Fig 1.

Recombinant VACV proteins produced in the baculovirus expression system. Schematic diagrams depict the full length (top) or the truncated, recombinant form (second from top) of VACV A28 (A), F9 (C) and variola virus M1 (D). In C and D, the diagram of soluble L1 (bottom) was also shown for comparison. Grey rectangles indicate putative transmembrane domains (TM), black lollipops represent sites for N-linked glycosylation potentially used in the secreted recombinant proteins, dotted line in (C) depicts the region of L1 which shares no homology with F9 (C), M points to the myristoylation site (D), S symbolizes conserved cysteines or intramolecular disulfide bonds (C and D) and H6 represent the six histidine tail used for affinity purification.
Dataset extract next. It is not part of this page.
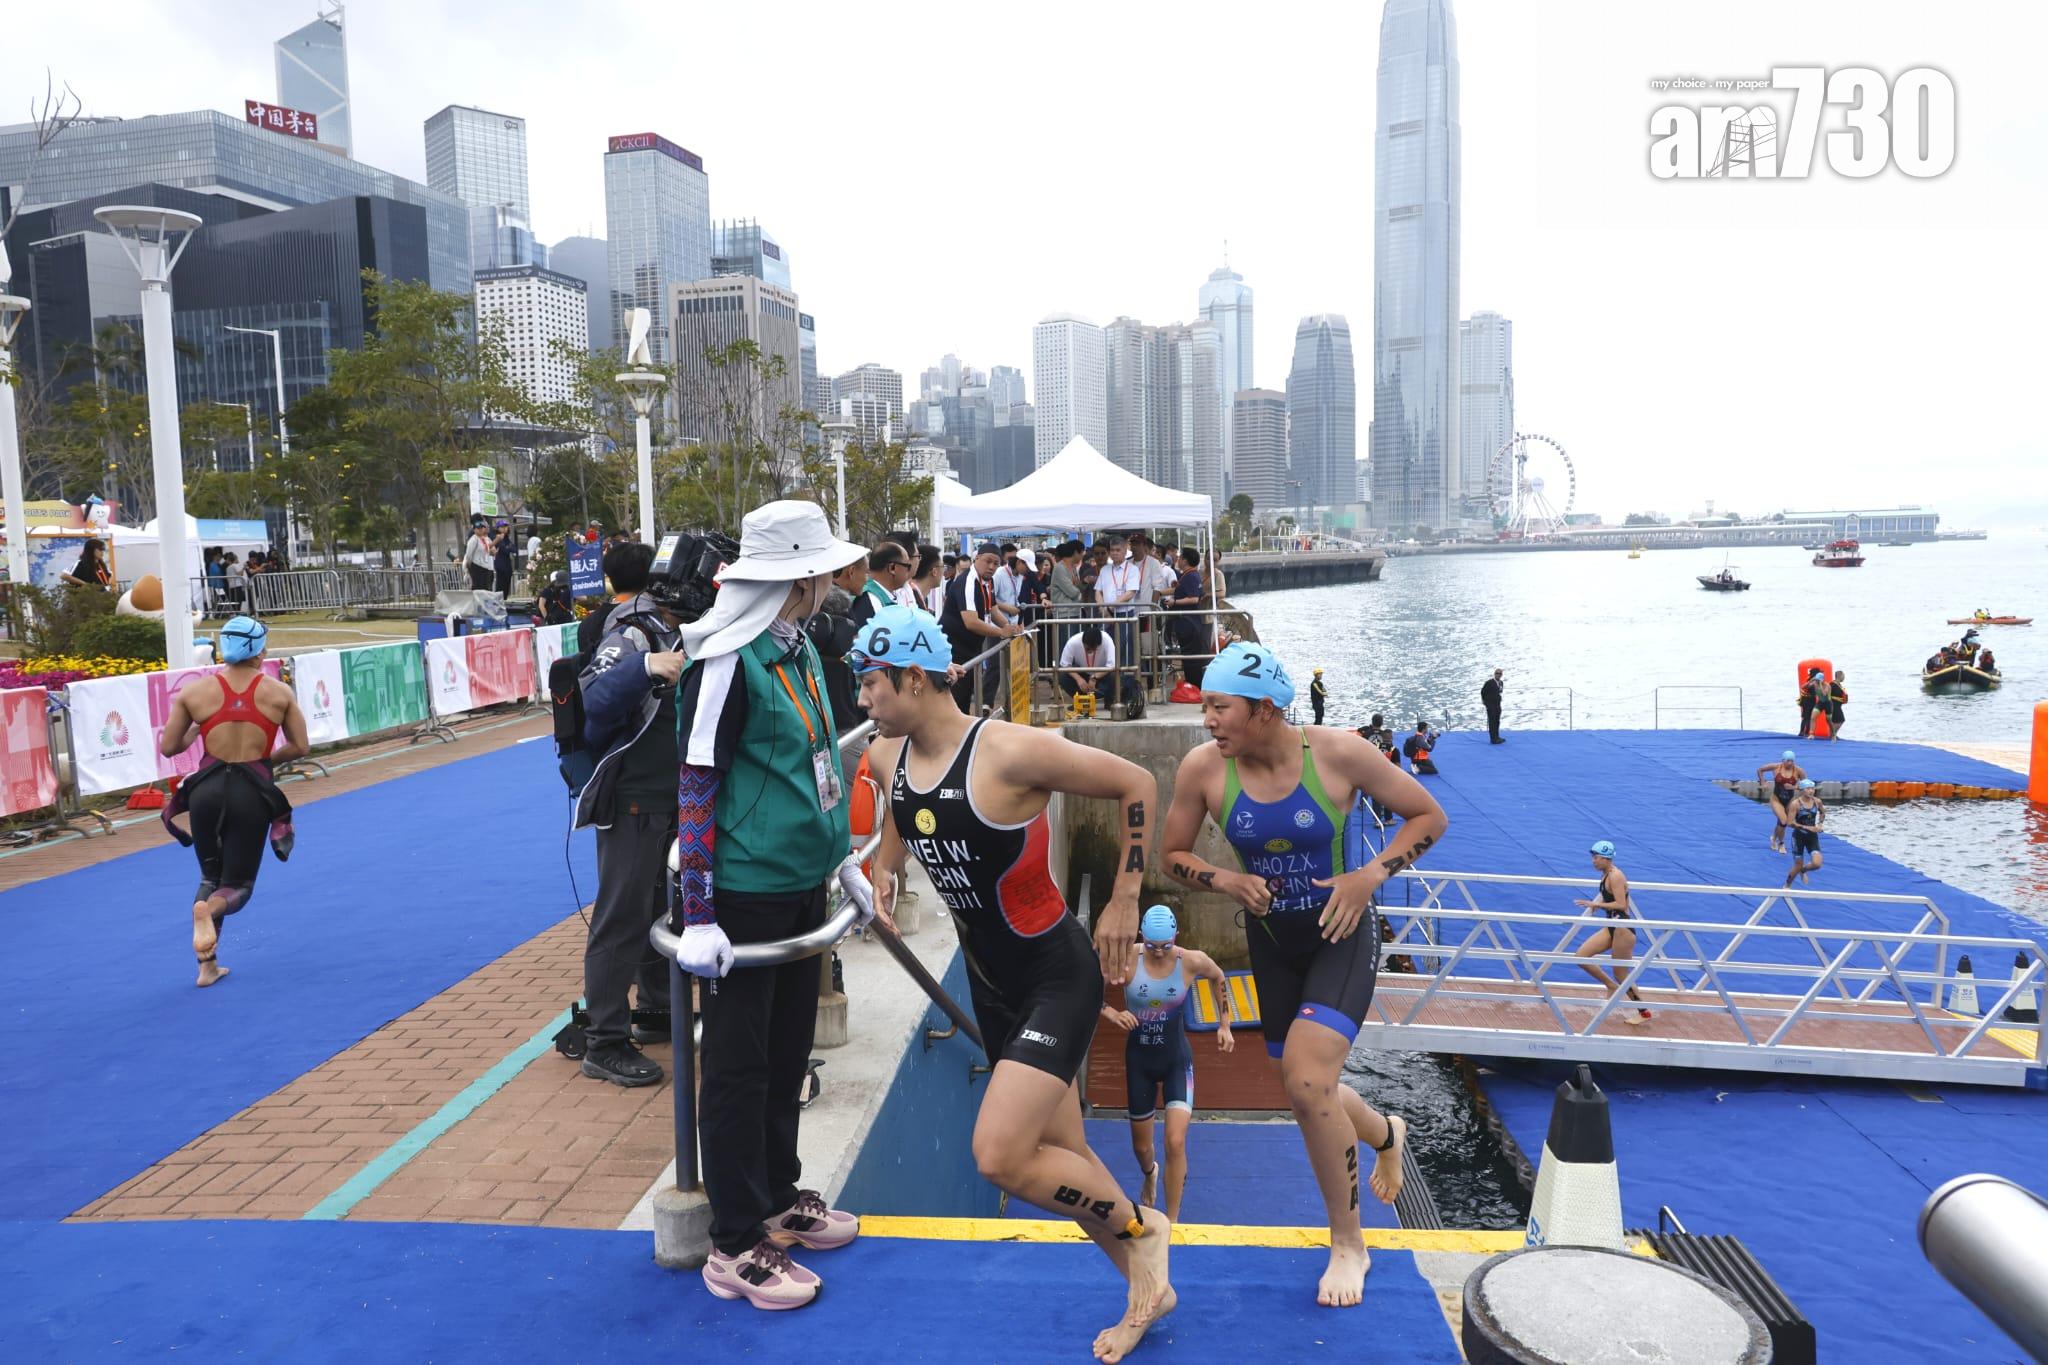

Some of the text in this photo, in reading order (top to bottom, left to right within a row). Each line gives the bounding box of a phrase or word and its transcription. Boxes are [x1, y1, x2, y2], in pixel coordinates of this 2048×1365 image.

Asterisks in (D) point to the two residues in variola virus M1 that are different in VACV L1 (R177 and I248 in M1 versus K177 and M248 in L1). Secreted, recombinant A28 (A), F9 (C) or M1 (D) were purified by nickel chelate affinity chromatography, separated by SDS-PAGE under reducing conditions and stained with silver nitrate (SS), or transferred to a nitrocellulose membrane and then probed with a monoclonal antibody against the His-tag (WB). Migration positions of the recombinant proteins are indicated with arrows. The molecular weights of the markers are shown in kilodaltons. Note that recombinant L1 and M1 are not expected to be myristoylated since the sequence for a melittin signal peptide was appended to the 5’ end of their ORFs (Aldaz-Carroll et al., 2005). (B) Recombinant A28 shares conformational epitopes with the authentic VACV A28. Purified soluble A28 or control A33 (Xiao et al., 2007) was resolved by SDS-PAGE under denaturing or native conditions, transferred to membranes and probed with a rabbit hyper-immune serum raised against VACV. Arrow points to the putative A33 dimer.